The recollections flowing from her mind to his were like pounding waves, but they weren’t the only thing he experienced. As he made the physical connection with her, he felt an overwhelming sexual pull that urged him to do more than dip into her thoughts.
He was her doctor, which meant that ethically there could be nothing personal between the two of them; yet he couldn’t stop himself from gathering her close. Somewhere in his own mind, he couldn’t squelch the notion that letting go of her would be like his own death.
He knew from her thoughts that she felt the same overwhelming connection to him. It made her feel desperate. Aroused. More off balance than either one of them had ever been in their lives.
He told himself he should pull away. But he was trapped where he was because her arms came up to wrap around his waist. Well, not trapped. He wanted to be here, and she’d given him a reason not to break the connection. She pressed herself against him, increasing the contact and the frustration—and the sheer need. He breathed in her scent, picturing himself bending down so that he could lower his mouth to hers, imagining the taste of her and letting himself visualize what it would be like to kick off his shoes and climb into the hospital bed with her.
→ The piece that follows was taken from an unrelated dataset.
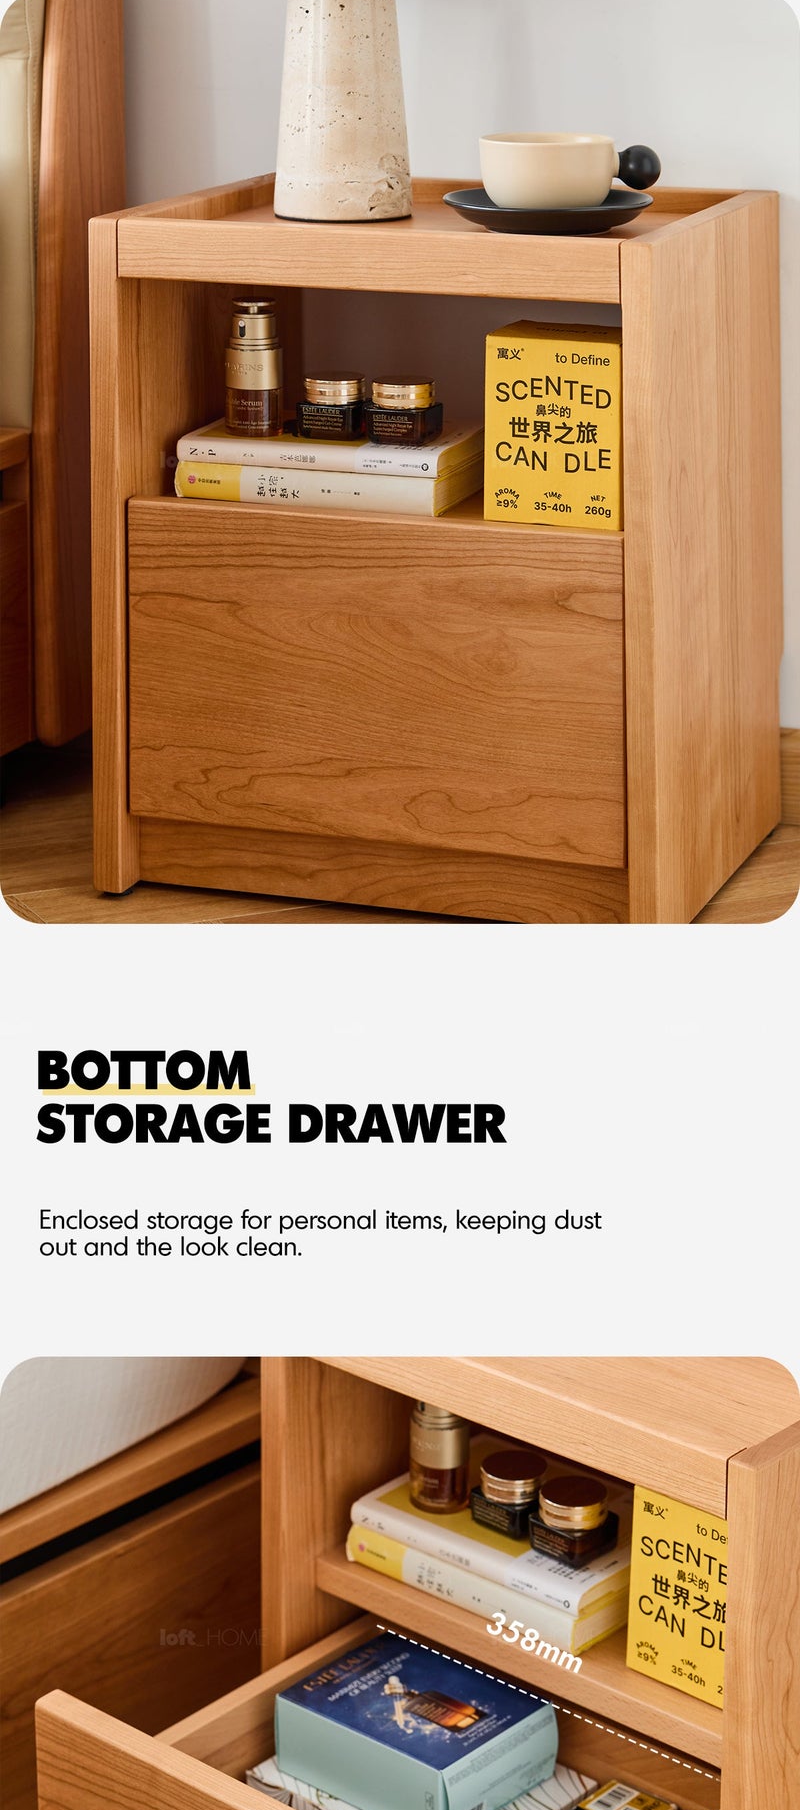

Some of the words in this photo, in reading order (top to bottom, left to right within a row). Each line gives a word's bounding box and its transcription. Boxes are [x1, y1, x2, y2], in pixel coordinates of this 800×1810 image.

She made a small, needy sound, and he knew that the same image was in her head. Part of his mind was shocked and aghast at how far he was going with this fantasy. The other part ached to push her back onto the bed and roll on top of her so he could press his body to hers. Only first, he needed to drag off his shirt and pants and get rid of her hospital gown.
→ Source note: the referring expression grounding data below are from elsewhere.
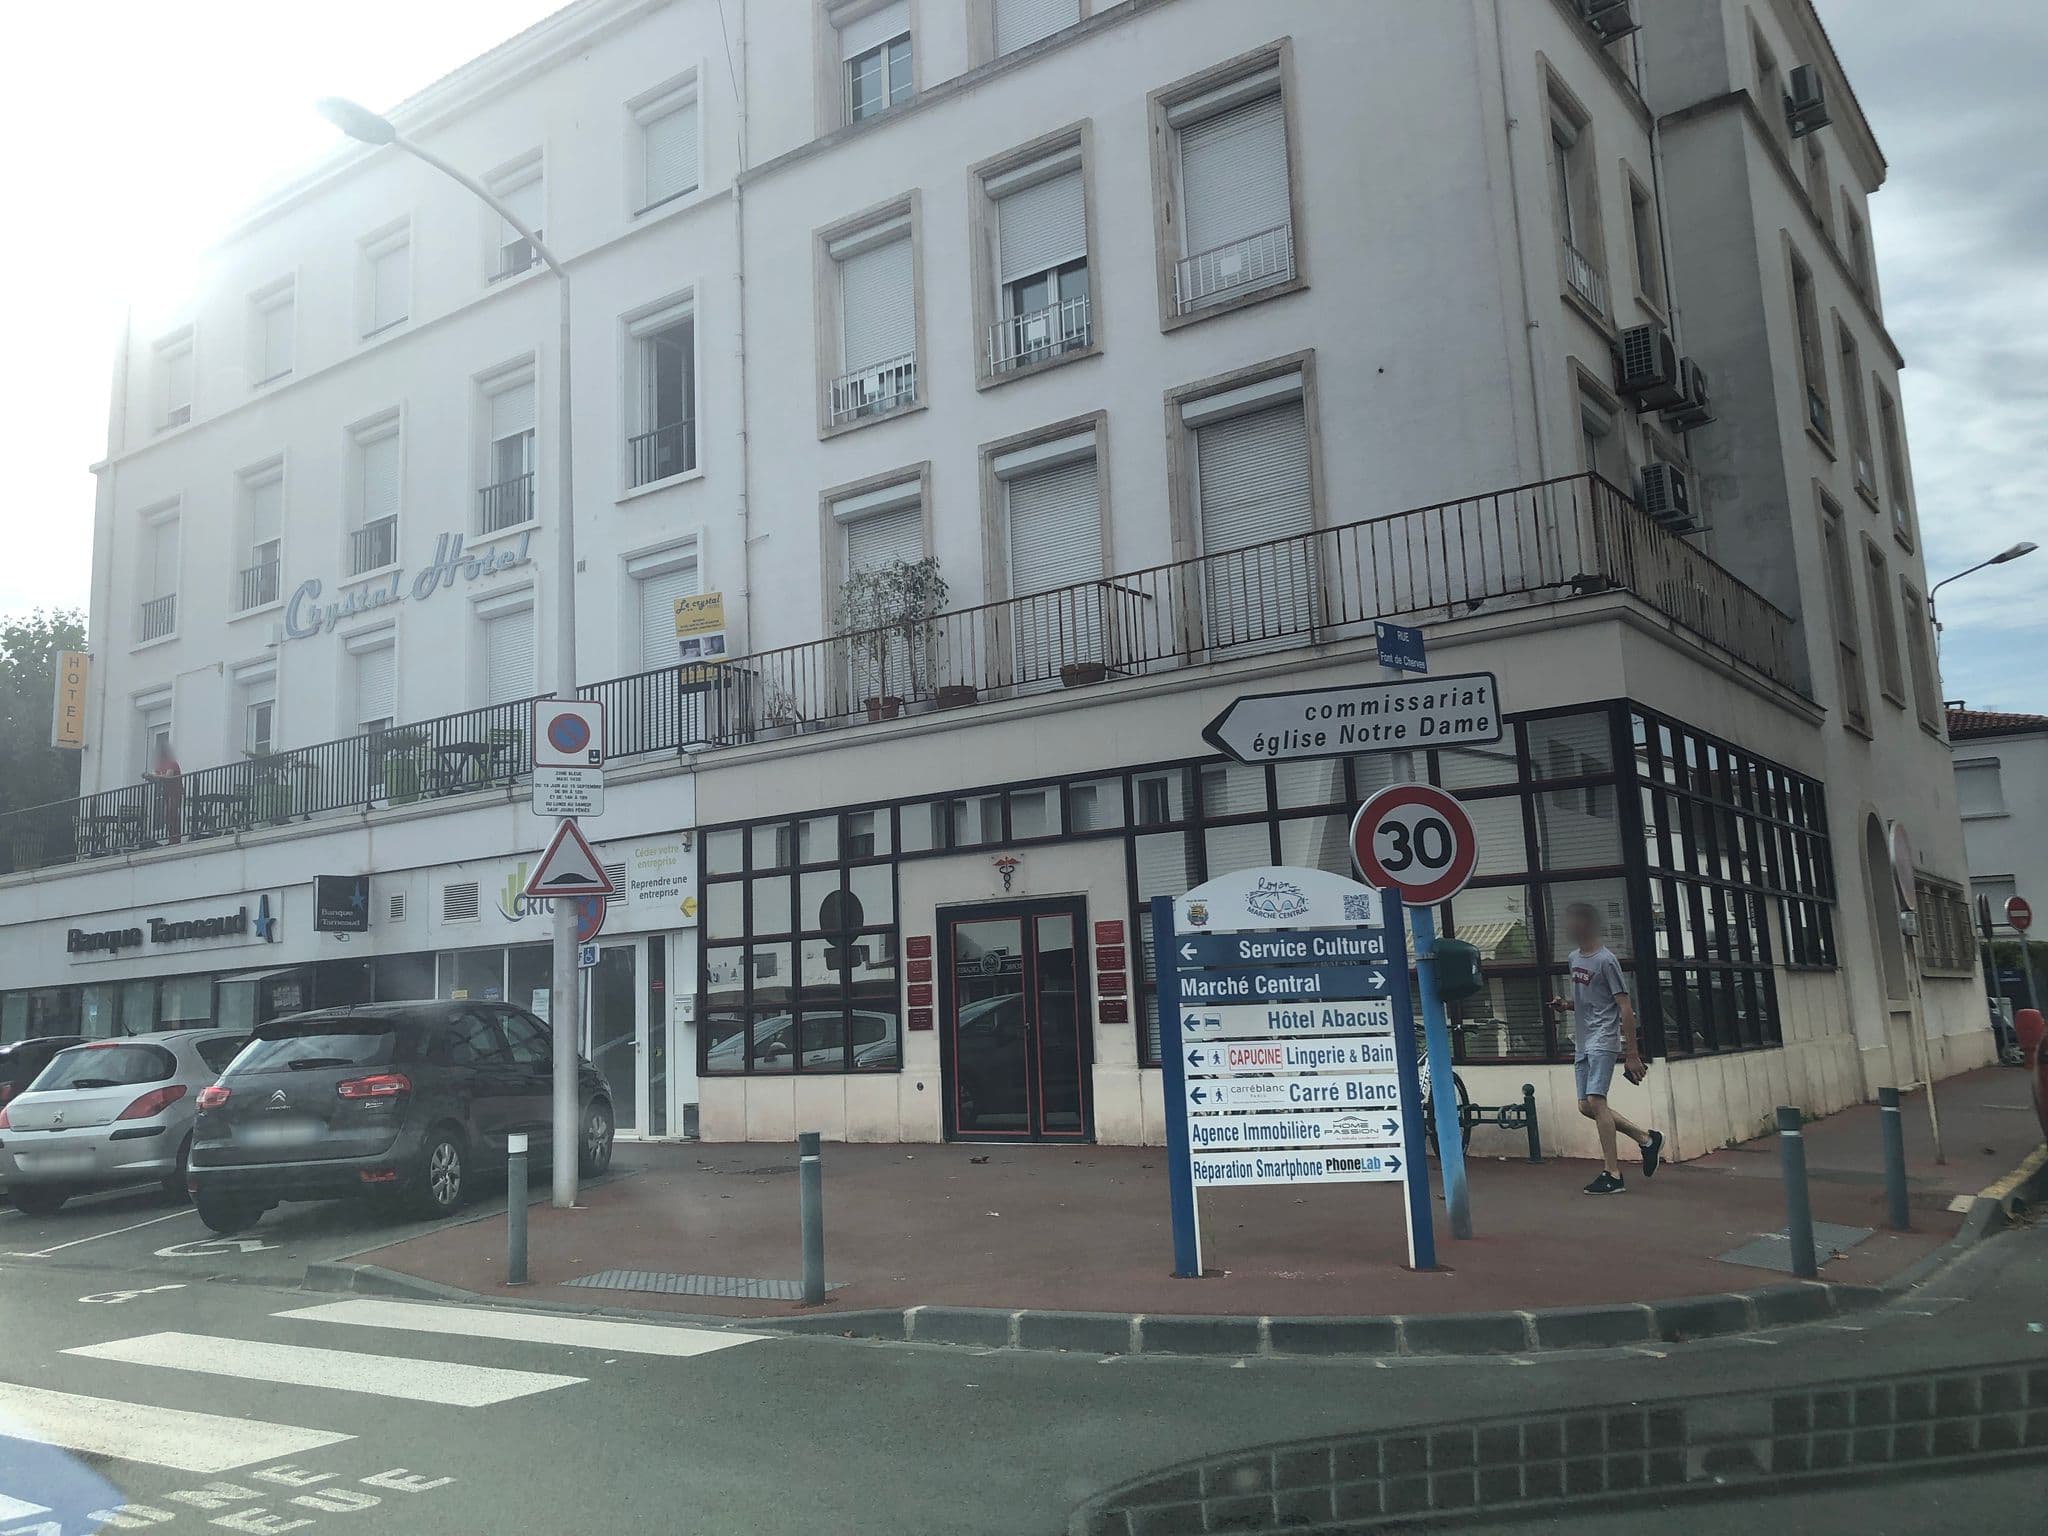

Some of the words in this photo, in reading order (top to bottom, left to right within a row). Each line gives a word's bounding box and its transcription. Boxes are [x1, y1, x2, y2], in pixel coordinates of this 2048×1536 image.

[286, 570, 401, 639] Crystal
[412, 532, 531, 600] Hotel
[1397, 630, 1409, 642] RUE
[1394, 654, 1402, 665] de
[66, 656, 79, 734] HOTEL
[1305, 686, 1487, 721] commissariat
[1253, 730, 1327, 756] église
[1339, 723, 1406, 744] Notre
[1419, 714, 1489, 737] Dame
[1377, 817, 1452, 871] 30
[637, 857, 677, 869] entreprise
[631, 877, 671, 891] Reprendre
[672, 875, 688, 885] une
[639, 888, 679, 899] entreprise
[1258, 877, 1297, 892] Royan
[321, 908, 353, 917] Banque
[1278, 907, 1309, 919] CENTRAL
[67, 928, 143, 954] Banque
[1239, 939, 1307, 959] Service
[1313, 936, 1384, 956] Culturel
[1181, 975, 1249, 997] Marché
[1255, 974, 1320, 994] Central
[1268, 1009, 1315, 1030] Hôtel
[1322, 1009, 1388, 1028] Abacus
[1229, 1047, 1281, 1066] CAPUCINE
[1286, 1045, 1345, 1068] Lingerie
[1349, 1050, 1358, 1063] &
[1361, 1044, 1394, 1062] Bain
[1230, 1083, 1285, 1093] carréblanc
[1289, 1083, 1339, 1102] Carré
[1346, 1081, 1397, 1100] Blanc
[1192, 1123, 1239, 1146] Agence
[1243, 1120, 1321, 1141] Immobilière
[1193, 1158, 1253, 1183] Réparation
[1257, 1157, 1323, 1181] Smartphone
[1326, 1156, 1381, 1171] PhoneLab
That last frantic thought was what finally made him come to his senses and pull away, breaking the physical contact and, at the same time, breaking the contact with her mind.
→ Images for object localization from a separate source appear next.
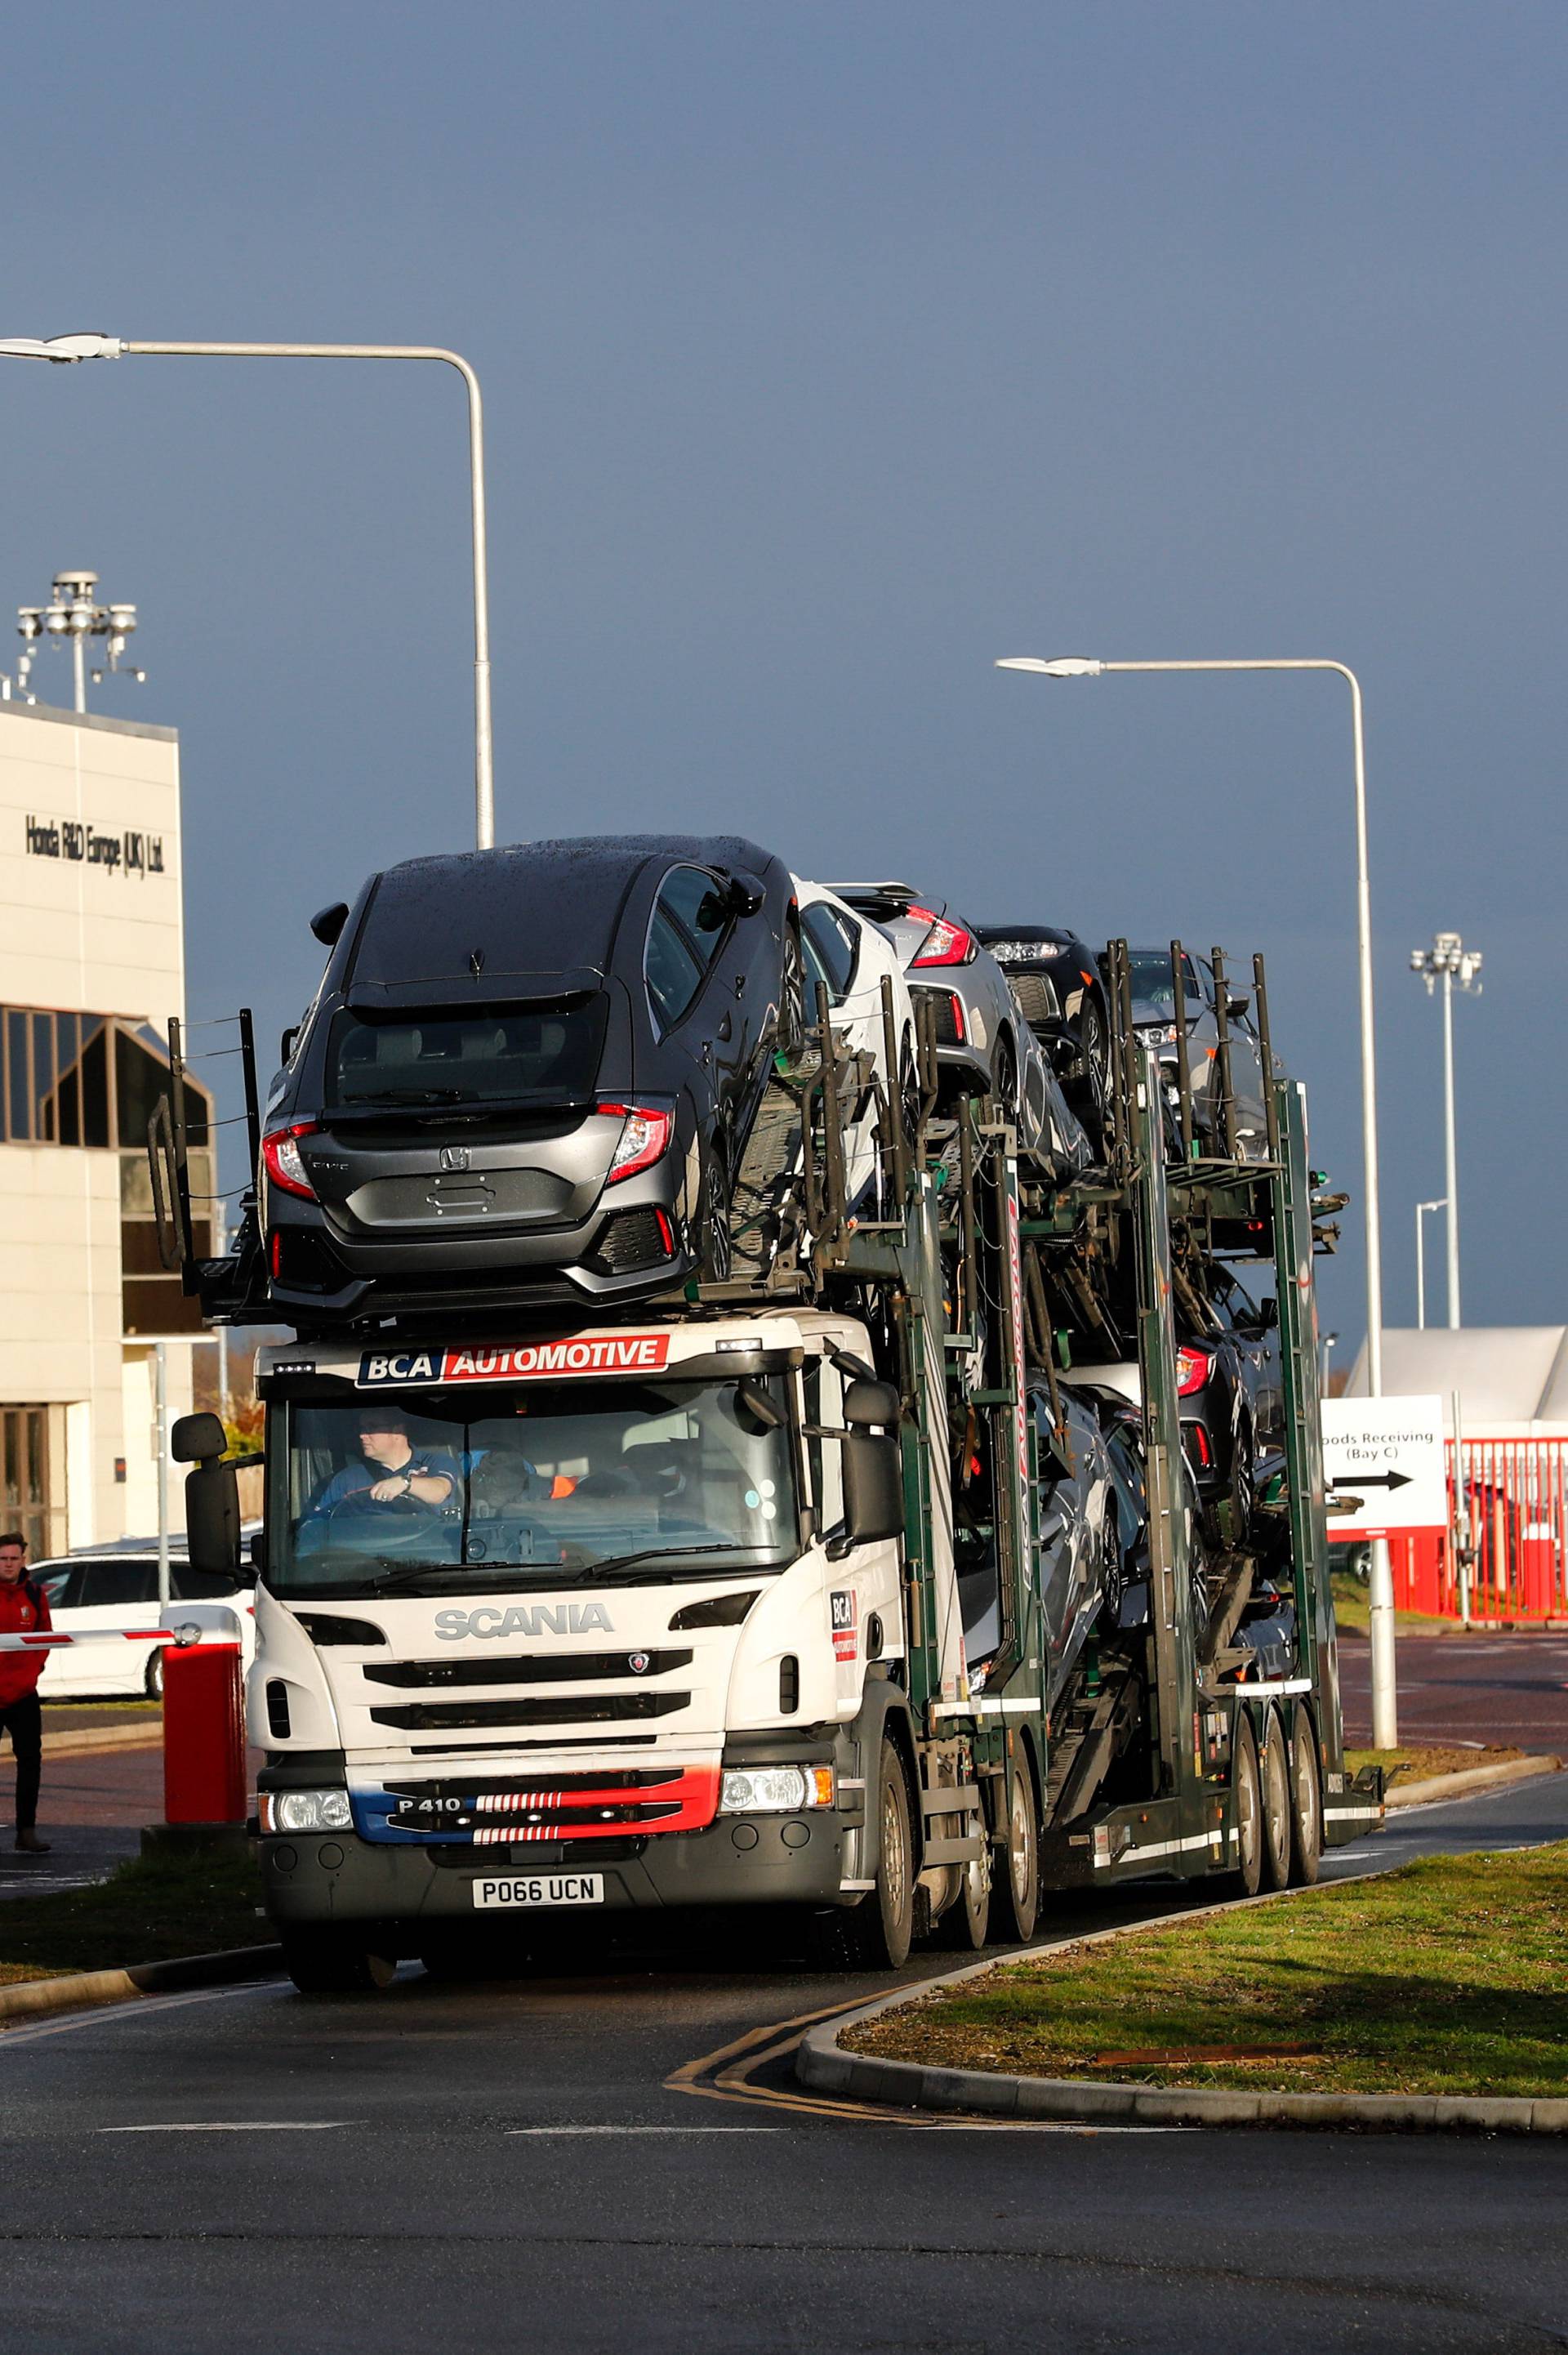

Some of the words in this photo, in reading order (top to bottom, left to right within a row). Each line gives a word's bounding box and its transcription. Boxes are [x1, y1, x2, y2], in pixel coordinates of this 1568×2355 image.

[26, 814, 59, 857] Honda
[62, 822, 83, 860] R&D
[87, 826, 120, 876] Europe
[368, 1353, 433, 1380] BCA
[451, 1340, 658, 1376] AUTOMOTIVE
[1321, 1433, 1357, 1446] oods
[1362, 1431, 1434, 1444] Receiving
[1346, 1447, 1379, 1461] (Bay
[1383, 1447, 1399, 1459] C)
[434, 1603, 616, 1641] SCANIA
[833, 1596, 851, 1624] BCA
[399, 1800, 413, 1813] P
[418, 1798, 461, 1812] 410
[550, 1878, 595, 1901] UCN
He stood beside the bed, dragging in lungfuls of air, feeling dizzy and disoriented and still achingly aroused.
And she was staring at him, looking like a woman who was ready for sex. Instead of reaching out his hand toward her, he forced himself to step farther back.
He cursed under his breath, ordering himself not to think about making love with her as he clawed his way toward rational behavior. For a few moments, he’d felt an overwhelming connection with Elizabeth—even though he was sure he’d never met her before. But he did know that she was a patient, and thinking about anything physical between them was completelyout of bounds. It was morally wrong, and it could get him arrested, come to that.
Which left him trying to understand what had happened between the two of them in those seconds when they’d been touching. Both the flood of memories from her mind and the sudden overwhelming sexual attraction that had threatened to wipe any reasonable thoughts from his mind.
He shook his head as he gazed down at her. She sat on the bed, looking stunned, her blue eyes wide, her breath coming in little gasps as she clenched and unclenched her fingers on the sheet.
“I’m sorry,” he managed to say.
“Are you?”
“Of course. That was completely inappropriate.”
“I think it took both of us by surprise,” she said, making an excuse.
“You’re a patient.”
Ignoring the observation, she began to speak. “What happened?”
“I don’t know.”
“Touching you made me recall things I couldn’t remember for myself. And I got inside your mind, too. I didn’t know a thing about you before we touched. Now I know you always went in for dangerous sports. Like mountain climbing. Spelunking. And ice camping.”